第26話 虚ろの侵食

「ふうー、今日は色々あったな」


「そうじゃな。王に呼び出され魔人退治、とはいえそれを半日でやり遂げるお主もどうかと思うぞ」


 古城へ戻ってすぐオレとイストは互いに苦笑し合う。

 そんなオレ達のすぐ傍にいた裕次郎が申し訳なさそうにオレに話しける。


「あ、あの、本当に良かったんっすか……オレみたいなやつを引き取って……?」


「別にいいって。それに同じ転移者に、同じ捨てられた者同士。君さえよければ一緒に暮らそうぜ」


「は、はい! こちらこそ、ぜひお願いするっす! オレもユウキさんみたいに強くなりたいっす!」


 そう言って元気よく頭を下げる裕次郎。

 隣ではイストが「また賑やかになるのぉ」とつぶやいている。

 なお隣ではイストが「ここは儂の家じゃがな」とつぶやいているが。


「とりあえず挨拶はそれくらいにして城の中に入るぞ」


「そうだな。そろそろ夕飯の時間だしファナも待っているだろうからな」


 そう思ってオレとイストが城の中へ入ろうとした瞬間であった。


「――主様!!」


 見ると城の扉を開けて、慌てた様子でブラックが現れる。

 一体どうしたのだろうかと思っていると、ブラックの口からとんでもないセリフが飛び出す。


「大変です……! ファナさんが……ファナさんが大変なのです!!」


「なっ!?」


◇  ◇  ◇


「ファナ!?」


「……あっ……ぱ、パパ……無事で、よかった……」


 慌てて部屋に入るとそこにはベッドに眠るファナの姿があった。

 オレの姿を見ると笑顔を浮かべるが、明らかにその顔は衰弱しており、笑顔も弱々しかった。


「一体何があったんだ!?」


 慌てるオレはすぐ傍にいたブラックに問いかける。


「それが……わからないのです。今朝、急にファナさんの容態が悪くなり、薬を与えたりや回復魔法もかけたのですが、全く効果がなくこの様子のまま……」


 なんだって……それじゃあ、なにか特別な病なのか?

 オレは慌てて隣にいるイストを頼る。


「うむ、少し調べるぞ。ファナ」


 そう言ってイストはファナに対し、スキル『解析』を使う。

 そうだ、イストにはこれがある。これさえ、あればファナがどんな症状でもイストなら治してくれる! そう期待した瞬間であった。

 突然はじかれたようにイストが後ろに下がる。


「ッ!?」


「どうしたんだイスト!?」


 見るとなにやら顔面蒼白で顔を抑え込んでいる。こんなイストの表情を見るのは初めてだ。
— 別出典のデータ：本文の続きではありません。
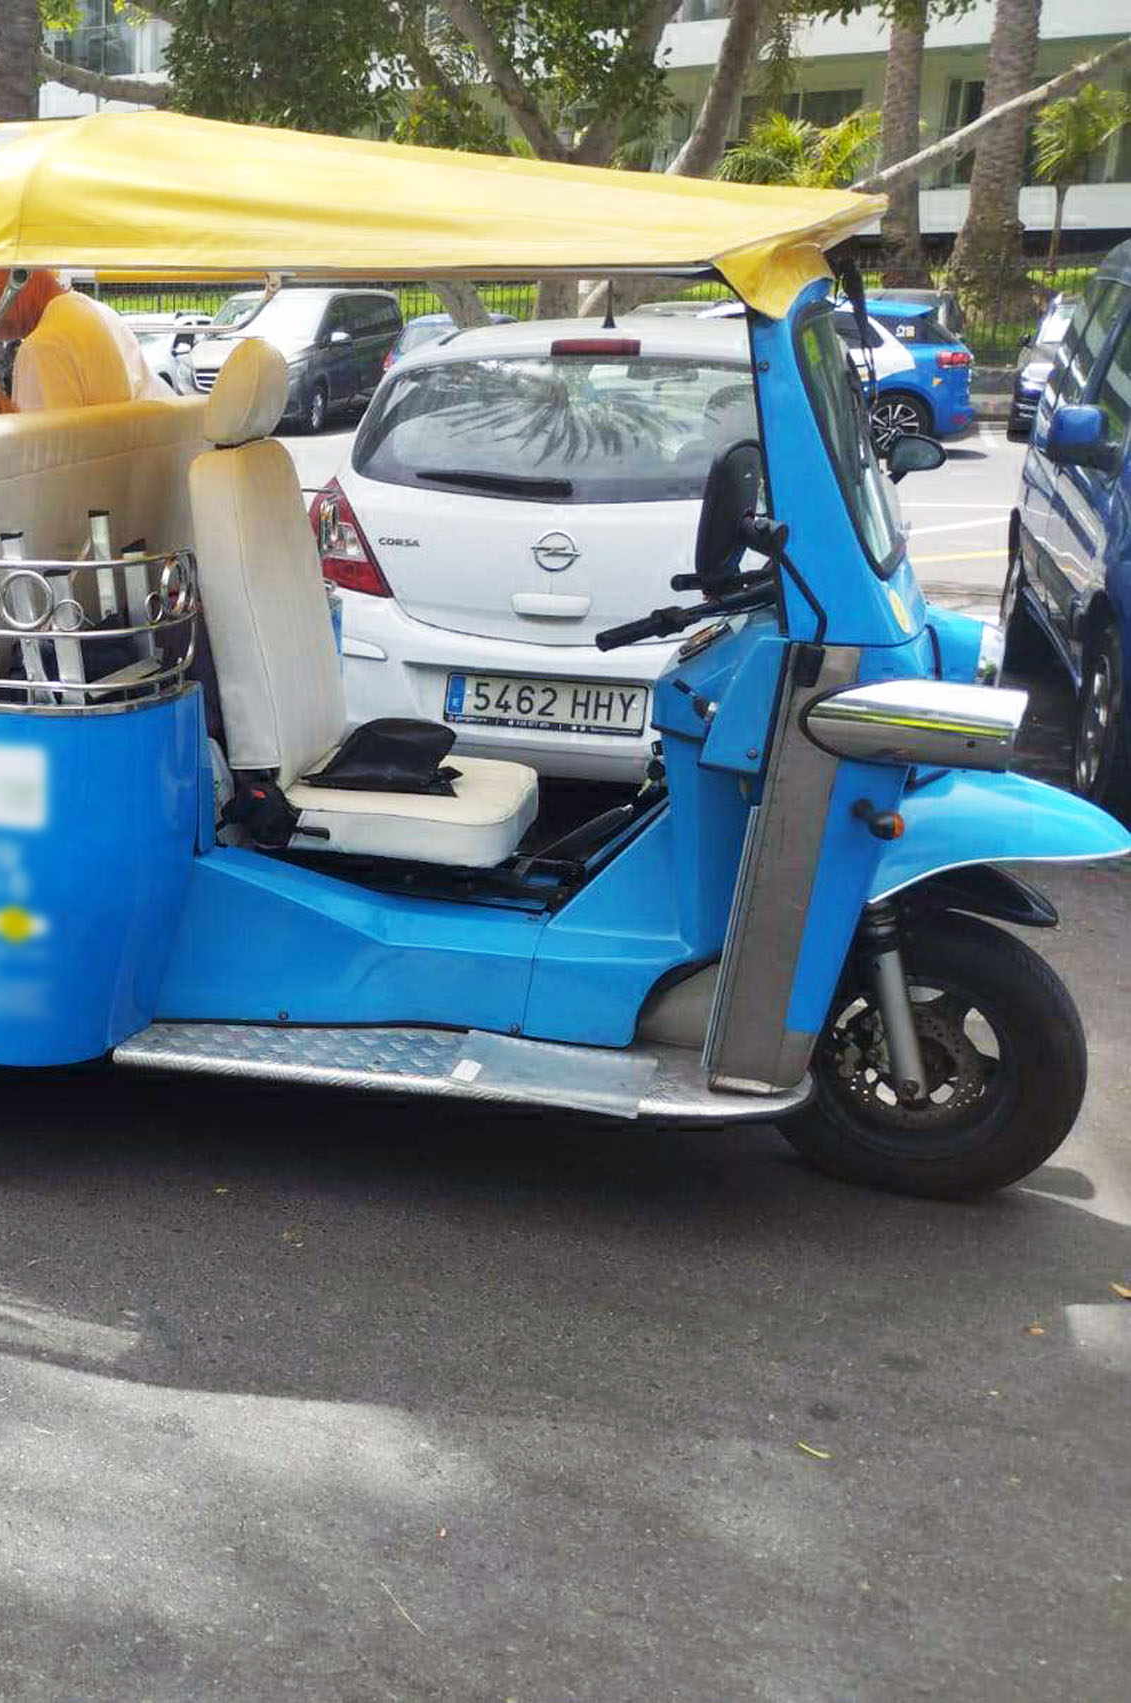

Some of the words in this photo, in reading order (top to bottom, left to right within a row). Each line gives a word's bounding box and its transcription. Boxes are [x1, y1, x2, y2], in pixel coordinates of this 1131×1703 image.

「……これは……どういうことじゃ……なぜこんな……」


「どうしたんだ、イスト! なにかわかったのか!?」


「いや、そうではない……“わからない”のじゃ……」


「えっ?」


 どういうことかと戸惑うオレにイストはファナの髪で覆われた部分――虚ろな穴がある右目を差す。


「ファナのその右目。儂の解析をもってしても何も分からぬ。いや、まるでそこだけがファナの体から切り離されたように存在しない。別の空間、世界、あるいは無。そうした人体とは異なる何かが埋め込まれているようじゃ。そして解析の結果、ファナの体に異常はない。にも関わらずファナの生命力は低下し、命の危機に瀕している。分からない……どういうことなのじゃ……」


「そんな……!」


 頼みの綱であったイストのその宣言にオレは呆然とする。

 つまり、ファナが弱っている原因は何も分からないと?

 いや、イストの言葉を整理すれば、おそらく右目に空いた穴、あの虚無の穴がファナの体に何らかの影響を与えている。

 だが、それがなんなのかが分からない。

 そもそも普段からファナにどのような影響を与えているのか、そして、なぜ今になってこのような影響を与えているのか、その全てが謎。故に解決策もない。

 打つ手なしの状況にオレは思わず拳を握り、唇を噛む。

 だが、そんなオレを見てファナの手が拳を握り締めるオレの手に触れる。


「……パパ……怖い顔、しないで……私は……大丈夫……。パパは心配しなくても、いいから……」


「……ファナ」


 そう言って自分の体が苦しいはずなのに笑顔を見せるファナ。

 その笑顔にオレは胸が締め付けられる感覚を味わい、ファナの手を必死に握り締めることしか出来なかった。